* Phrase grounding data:
-- Opening Marker --

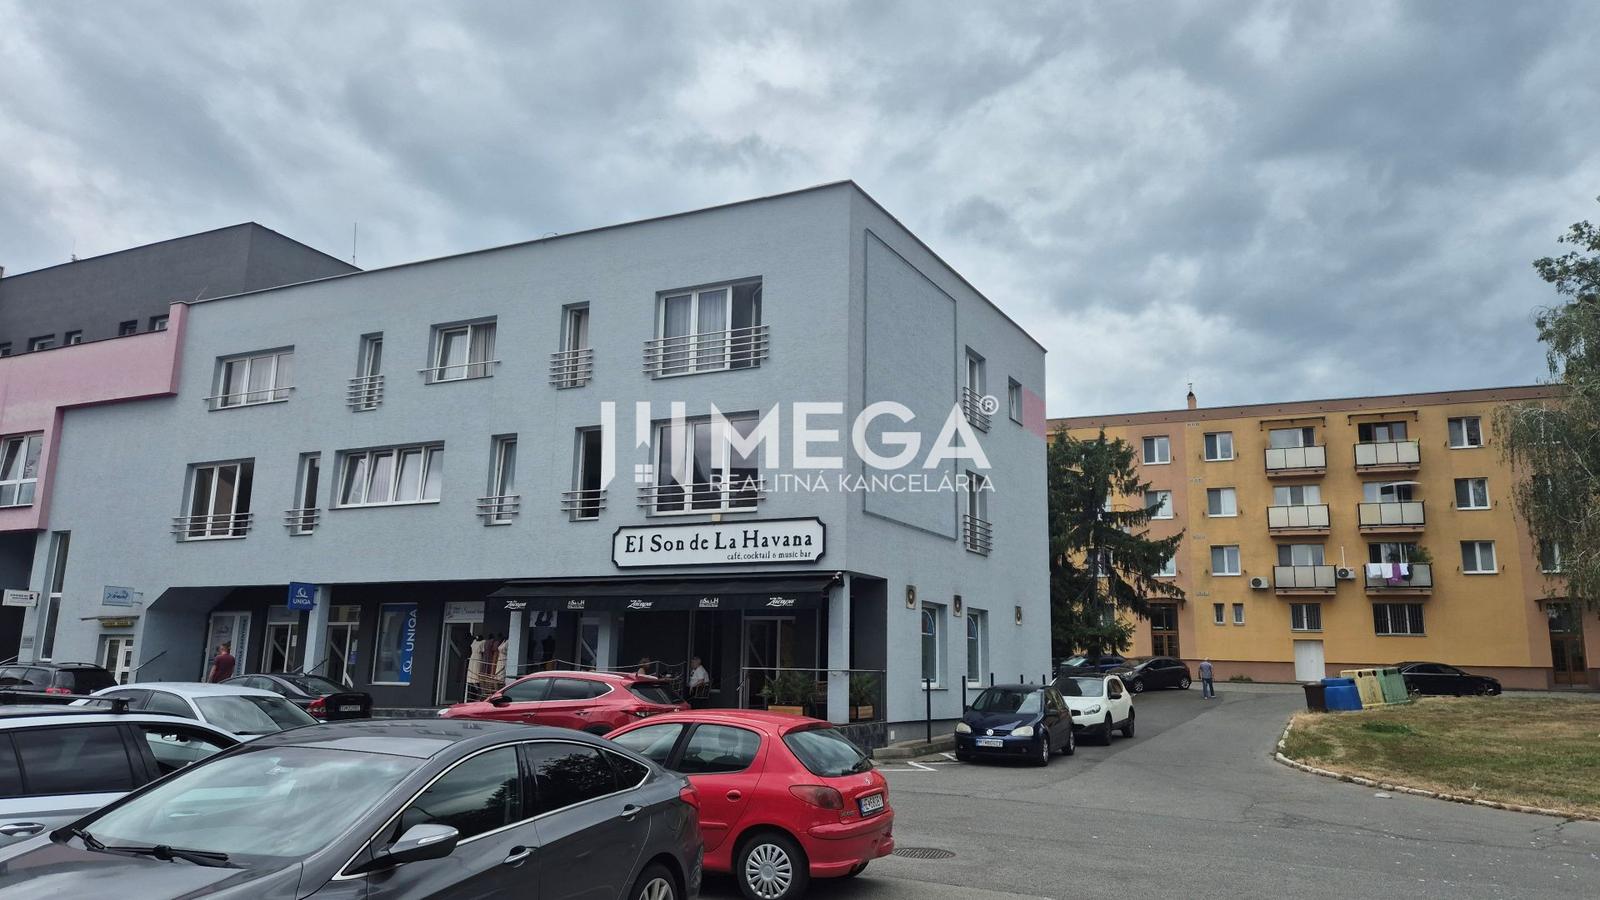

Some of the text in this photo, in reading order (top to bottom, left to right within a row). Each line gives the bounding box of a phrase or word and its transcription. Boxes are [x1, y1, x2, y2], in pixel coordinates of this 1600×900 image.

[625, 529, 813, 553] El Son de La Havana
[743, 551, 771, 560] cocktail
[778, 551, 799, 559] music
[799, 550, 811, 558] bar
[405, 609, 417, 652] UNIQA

-- Closing Marker --

* WHAT TO WORK ON:
Copy the records above precisely, and leave every image out of the copy.

* OUTPUT OF THE TASK:
Some of the text in this photo, in reading order (top to bottom, left to right within a row). Each line gives the bounding box of a phrase or word and its transcription. Boxes are [x1, y1, x2, y2], in pixel coordinates of this 1600×900 image.

[625, 529, 813, 553] El Son de La Havana
[743, 551, 771, 560] cocktail
[778, 551, 799, 559] music
[799, 550, 811, 558] bar
[405, 609, 417, 652] UNIQA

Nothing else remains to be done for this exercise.